The Beginner's Guide to Polycystic Ovary Syndrome (PCOS)



The most frequently asked question is, "What is PCOS?"

PCOS (also known as PCOD – Polycystic Ovarian Disease) is a disorder of the endocrine system, which is the glandular factory in your body that produces hormones that regulate metabolism, sexual function, sleep, mood, and, of course, reproduction. Chronic anovulation and elevated levels of androgens – a class of hormones commonly (and perhaps incorrectly) regarded as'male' hormones – characterize the disorder.


When a "healthy" woman gets her period, her ovaries release an egg into a tiny fluid-filled sac known as a "follicle." The follicle accumulates fluid as the egg grows until the egg is mature, at which point the follicle ruptures, releasing the egg. This is what ovulation is... In women with PCOS, the ovary does not get the hormone recipe correct for egg maturation, so ovulation does not occur. Consider it scones without the use of yeast or baking powder. Instead, the follicle remains inside the ovary, forming a "cyst," and the disorder gets its name from the accumulation of multiple cysts over time.

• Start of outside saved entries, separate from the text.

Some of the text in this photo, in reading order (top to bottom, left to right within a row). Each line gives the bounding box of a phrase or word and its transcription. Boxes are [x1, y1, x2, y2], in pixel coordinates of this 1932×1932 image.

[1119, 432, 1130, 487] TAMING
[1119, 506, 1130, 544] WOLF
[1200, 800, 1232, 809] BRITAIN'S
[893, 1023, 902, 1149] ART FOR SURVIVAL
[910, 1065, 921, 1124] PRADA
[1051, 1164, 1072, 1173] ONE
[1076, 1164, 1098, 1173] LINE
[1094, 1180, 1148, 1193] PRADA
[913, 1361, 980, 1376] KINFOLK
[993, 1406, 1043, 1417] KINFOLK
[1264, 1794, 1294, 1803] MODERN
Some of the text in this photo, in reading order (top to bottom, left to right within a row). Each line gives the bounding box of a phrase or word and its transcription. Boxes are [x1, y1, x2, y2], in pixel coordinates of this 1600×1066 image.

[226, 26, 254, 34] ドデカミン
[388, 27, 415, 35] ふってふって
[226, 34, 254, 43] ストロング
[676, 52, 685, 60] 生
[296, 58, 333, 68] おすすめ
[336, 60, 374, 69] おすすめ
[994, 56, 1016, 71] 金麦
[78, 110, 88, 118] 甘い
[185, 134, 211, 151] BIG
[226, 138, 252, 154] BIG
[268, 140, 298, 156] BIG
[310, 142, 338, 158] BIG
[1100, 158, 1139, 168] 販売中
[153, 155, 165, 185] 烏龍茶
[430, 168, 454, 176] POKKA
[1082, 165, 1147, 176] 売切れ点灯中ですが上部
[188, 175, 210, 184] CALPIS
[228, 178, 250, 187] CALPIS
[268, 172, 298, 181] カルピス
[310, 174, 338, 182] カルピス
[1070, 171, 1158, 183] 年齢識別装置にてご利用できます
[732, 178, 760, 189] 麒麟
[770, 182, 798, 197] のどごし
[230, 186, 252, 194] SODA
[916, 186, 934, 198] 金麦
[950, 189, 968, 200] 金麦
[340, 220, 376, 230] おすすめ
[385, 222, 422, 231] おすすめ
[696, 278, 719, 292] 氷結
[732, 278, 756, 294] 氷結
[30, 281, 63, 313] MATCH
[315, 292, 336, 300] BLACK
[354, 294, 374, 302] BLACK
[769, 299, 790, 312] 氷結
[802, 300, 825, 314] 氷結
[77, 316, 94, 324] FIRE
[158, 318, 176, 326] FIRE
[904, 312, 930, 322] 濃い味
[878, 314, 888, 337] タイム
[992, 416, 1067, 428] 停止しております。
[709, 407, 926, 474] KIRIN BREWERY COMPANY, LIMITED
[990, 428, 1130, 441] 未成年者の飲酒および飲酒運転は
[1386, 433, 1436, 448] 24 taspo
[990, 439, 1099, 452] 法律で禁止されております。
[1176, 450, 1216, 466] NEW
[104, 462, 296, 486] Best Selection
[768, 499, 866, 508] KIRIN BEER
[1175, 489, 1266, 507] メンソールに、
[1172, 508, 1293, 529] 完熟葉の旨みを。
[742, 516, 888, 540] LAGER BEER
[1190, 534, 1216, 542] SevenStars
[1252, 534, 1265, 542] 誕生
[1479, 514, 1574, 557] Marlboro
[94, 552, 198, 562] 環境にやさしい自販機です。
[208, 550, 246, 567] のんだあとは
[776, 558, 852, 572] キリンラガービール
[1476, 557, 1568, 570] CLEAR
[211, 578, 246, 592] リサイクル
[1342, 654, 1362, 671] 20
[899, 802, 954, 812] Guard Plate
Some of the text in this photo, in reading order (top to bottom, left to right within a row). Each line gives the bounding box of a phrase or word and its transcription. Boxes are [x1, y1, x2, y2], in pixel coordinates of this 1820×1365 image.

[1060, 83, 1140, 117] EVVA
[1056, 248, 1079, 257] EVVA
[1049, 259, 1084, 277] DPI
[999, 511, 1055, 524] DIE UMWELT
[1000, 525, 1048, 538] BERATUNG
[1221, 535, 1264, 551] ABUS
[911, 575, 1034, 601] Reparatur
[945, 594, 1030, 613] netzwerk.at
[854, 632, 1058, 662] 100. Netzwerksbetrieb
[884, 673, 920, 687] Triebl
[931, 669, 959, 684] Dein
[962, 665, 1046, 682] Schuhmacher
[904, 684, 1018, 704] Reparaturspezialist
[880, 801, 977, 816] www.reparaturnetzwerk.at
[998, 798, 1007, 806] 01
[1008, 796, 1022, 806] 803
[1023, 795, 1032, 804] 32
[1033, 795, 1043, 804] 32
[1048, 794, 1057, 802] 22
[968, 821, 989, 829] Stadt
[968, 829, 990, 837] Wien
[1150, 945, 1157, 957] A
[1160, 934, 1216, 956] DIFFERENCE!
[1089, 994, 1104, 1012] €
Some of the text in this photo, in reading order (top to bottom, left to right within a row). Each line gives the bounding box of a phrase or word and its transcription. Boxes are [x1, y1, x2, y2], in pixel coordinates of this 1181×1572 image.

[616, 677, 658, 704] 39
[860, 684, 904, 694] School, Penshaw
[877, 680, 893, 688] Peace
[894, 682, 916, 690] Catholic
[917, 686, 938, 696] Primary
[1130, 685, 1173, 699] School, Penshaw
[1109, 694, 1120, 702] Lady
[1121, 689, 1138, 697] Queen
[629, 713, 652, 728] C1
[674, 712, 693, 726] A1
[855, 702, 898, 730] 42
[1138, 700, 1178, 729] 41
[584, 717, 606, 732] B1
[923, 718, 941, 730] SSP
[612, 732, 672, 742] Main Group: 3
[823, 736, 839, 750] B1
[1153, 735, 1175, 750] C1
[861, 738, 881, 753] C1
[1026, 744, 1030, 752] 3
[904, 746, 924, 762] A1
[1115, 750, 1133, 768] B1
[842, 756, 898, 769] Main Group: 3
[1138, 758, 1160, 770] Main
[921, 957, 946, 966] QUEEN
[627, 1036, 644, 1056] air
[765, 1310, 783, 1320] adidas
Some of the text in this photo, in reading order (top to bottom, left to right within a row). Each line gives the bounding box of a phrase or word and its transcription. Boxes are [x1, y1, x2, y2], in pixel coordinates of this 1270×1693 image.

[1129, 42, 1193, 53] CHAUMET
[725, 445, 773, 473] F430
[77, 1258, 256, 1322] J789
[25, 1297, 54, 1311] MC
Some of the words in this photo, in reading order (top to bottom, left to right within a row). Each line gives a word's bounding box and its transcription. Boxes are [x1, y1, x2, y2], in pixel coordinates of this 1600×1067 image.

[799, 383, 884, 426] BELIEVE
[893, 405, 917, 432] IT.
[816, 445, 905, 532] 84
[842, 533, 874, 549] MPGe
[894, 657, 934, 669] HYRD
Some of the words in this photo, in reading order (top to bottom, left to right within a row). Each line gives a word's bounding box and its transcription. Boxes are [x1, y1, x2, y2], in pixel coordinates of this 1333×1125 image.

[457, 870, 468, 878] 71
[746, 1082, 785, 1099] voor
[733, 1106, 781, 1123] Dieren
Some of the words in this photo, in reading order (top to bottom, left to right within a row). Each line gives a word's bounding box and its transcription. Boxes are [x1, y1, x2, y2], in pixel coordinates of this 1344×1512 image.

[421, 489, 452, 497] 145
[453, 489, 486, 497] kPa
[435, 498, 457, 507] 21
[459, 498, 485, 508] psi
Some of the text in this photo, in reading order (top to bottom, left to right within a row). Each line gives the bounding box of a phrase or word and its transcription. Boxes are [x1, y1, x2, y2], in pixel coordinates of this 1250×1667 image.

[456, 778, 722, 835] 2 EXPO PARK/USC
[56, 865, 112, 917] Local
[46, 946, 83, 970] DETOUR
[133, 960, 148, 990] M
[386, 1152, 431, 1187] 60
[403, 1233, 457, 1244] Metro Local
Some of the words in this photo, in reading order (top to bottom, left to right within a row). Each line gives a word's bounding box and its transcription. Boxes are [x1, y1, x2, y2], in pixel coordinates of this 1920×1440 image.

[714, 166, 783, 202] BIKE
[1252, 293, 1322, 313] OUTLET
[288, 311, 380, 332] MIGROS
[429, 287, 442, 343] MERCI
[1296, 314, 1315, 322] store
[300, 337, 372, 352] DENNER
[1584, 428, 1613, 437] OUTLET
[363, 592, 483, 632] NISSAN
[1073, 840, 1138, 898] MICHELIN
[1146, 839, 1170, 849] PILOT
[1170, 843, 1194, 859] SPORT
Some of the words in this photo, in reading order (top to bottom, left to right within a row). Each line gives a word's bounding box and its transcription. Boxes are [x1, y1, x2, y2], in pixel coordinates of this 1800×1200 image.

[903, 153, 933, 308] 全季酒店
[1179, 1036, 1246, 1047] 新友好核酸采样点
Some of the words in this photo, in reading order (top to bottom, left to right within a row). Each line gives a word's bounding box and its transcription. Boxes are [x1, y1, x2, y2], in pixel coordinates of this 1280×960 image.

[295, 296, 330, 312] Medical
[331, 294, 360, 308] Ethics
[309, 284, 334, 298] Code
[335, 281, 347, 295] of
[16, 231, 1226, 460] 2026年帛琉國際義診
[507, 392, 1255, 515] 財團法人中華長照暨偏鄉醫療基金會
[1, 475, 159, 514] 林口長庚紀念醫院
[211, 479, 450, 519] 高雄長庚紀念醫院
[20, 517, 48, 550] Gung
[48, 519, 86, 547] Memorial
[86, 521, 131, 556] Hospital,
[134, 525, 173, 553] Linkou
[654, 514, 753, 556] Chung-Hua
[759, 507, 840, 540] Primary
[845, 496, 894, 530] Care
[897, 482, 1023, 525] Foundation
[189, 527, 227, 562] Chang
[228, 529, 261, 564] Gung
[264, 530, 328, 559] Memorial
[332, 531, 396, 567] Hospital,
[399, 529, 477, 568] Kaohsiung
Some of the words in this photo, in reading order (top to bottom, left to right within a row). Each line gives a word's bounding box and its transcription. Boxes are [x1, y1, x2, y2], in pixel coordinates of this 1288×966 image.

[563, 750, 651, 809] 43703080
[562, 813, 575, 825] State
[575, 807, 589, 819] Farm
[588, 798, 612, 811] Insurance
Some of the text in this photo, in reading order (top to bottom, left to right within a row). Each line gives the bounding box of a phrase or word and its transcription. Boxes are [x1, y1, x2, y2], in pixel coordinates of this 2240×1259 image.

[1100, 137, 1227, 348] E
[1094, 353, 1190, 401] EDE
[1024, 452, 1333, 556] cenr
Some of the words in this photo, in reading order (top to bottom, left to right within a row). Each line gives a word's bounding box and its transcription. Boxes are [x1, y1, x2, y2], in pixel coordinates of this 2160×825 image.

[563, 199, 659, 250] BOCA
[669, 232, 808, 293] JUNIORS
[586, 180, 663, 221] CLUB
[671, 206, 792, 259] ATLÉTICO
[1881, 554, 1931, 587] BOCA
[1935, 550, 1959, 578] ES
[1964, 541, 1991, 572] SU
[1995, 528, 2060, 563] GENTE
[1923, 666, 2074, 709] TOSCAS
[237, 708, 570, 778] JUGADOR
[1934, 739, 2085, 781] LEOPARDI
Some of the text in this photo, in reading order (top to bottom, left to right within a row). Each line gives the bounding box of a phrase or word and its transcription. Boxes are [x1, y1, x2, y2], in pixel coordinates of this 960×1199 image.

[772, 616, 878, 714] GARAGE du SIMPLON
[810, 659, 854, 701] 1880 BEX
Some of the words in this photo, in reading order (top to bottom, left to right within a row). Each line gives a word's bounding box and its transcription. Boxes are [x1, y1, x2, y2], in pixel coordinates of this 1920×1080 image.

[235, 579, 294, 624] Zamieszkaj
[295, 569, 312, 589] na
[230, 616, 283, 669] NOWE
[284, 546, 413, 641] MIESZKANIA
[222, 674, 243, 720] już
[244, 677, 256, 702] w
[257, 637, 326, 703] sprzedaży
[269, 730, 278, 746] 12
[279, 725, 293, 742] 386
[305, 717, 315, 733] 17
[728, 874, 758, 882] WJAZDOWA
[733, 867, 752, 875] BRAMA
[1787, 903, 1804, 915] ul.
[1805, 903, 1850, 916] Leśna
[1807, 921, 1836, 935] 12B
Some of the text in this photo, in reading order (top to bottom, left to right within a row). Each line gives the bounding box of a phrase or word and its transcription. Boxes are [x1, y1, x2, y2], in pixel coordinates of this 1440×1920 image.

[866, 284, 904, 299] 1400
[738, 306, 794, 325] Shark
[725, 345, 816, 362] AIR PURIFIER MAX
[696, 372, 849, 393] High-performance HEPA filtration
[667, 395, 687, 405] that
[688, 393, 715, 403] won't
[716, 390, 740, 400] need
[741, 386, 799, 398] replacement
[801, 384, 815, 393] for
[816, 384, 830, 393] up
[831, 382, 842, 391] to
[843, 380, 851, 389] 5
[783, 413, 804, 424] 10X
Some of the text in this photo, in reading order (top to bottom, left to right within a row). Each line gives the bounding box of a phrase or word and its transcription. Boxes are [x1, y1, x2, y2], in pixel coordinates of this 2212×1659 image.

Polycystic ovary disease patients are more likely than others to have cardiovascular risk factors such as:

  • Insulin resistance and impaired glucose tolerance are symptoms of PCOS (the warm-up acts for Type II diabetes). By the age of 40, up to 40% of all women with PCOS in the United States will have Type II diabetes or impaired glucose tolerance (Dunaif 1995)
  • "Central Obesity" (a euphemism for having a fat tummy). Approximately half of all women with PCOS are overweight or obese (Norman et al. 2004)
  • Blood pressure that is abnormally high
  • Ovarian cancer
  • Infertility

If you understand the fundamental concepts of functional integrative medicine, you will realize that almost every negative "personality trait" you have been accused of having is most likely a function of your physiology. When I realized this, it lifted a weight off my shoulders, and I hope it does the same for you! Polycystic ovary disease may be the name given to a collection of biochemical reactions that are not occurring properly within you for many of you. Ladies, name-it-to-tame! PCOS may help explain a variety of issues that have been bothering you.


While scientific research has shown an association between polycystic ovarian disease and the comorbidities mentioned above, such as PCOS insulin resistance, causation does not appear to have been established. If you want to know what causes polycystic ovaries, Mr. Google will inevitably disappoint you because most medical professionals seem content to accept a starting point of "we don't know," and I'm planning on rolling with this because we have a lot more to discuss before we get hung up on things we can't control.


There are a wide range of polycystic ovaries symptoms presented by women with PCOS with archetypal patients being identified as falling into one of two distinct categories:

  • “Classical” PCOS and,
  • “Thin Type” PCOS


  • Excessive hair growth, or hair in unwanted places like the face, chest, back, stomach, thumbs, toes
  • Hair loss from the scalp; thinning of hair
  • Acne and oily skin
  • Dry skin (ironically)
  • Depression or mood swings
  • Sleep apnoea
  • Cold intolerance


Even if you have most of the symptoms of polycystic ovaries, your doctor will only diagnose you with PCOS if at least two of the following three criteria are met:

  • An ultrasound of your ovaries reveals a single ovary with 10 or more follicles.
  • Androgen levels in the blood are high, according to blood tests (testosterone).
  • Your menstrual cycles are more than 35 days apart, or they are shorter than 21 days.

Because only two of three criteria are required for a PCOS diagnosis, women who have regular periods may still have it and be unaware of it. The fact that you have your period does not imply that you are ovulating. The only way to be certain is to have your luteal progesterone levels tested on day 21 of your cycle.

pain in women with PCOS


In addition to being a major health issue and causing infertility, polycystic ovary syndrome patients experience a variety of polycystic ovary symptoms, as well as an increased risk of complications during and after pregnancy.

  • Normal pregnancy causes insulin resistance, which can result in impaired glucose tolerance or gestational diabetes (Sivan et. al 2003).
  • Women with a 25-75 percent incidence of PCOS insulin resistance appear to be at an increased risk of developing gestational diabetic complications (Legro et al 2004).
  • Researchers have also proposed that, as a result of their mother's insulin issues, the children of women with PCOS may suffer long-term health consequences as a result of the "fetal programming" their nutritional and hormone management systems receive while in the womb (Barker 2002).

If that isn't enough to make you want to spit your coffee, a HIGHLY cited study conducted by a massive international team of experts discovered the following when they analyzed the known risks of getting pregnant with PCOS, including all neonatal complications. Boomsma et al. (2006) discovered that women with PCOS had a higher risk of:

  • Diabetes during pregnancy (supporting previous research findings)
  • Pregnancy-induced hypertension, as well as
  • Preeclampsia

They also found that babies born to PCOS mothers had a higher rate of neonatal intensive care unit admission and a higher perinatal mortality rate. That's all right.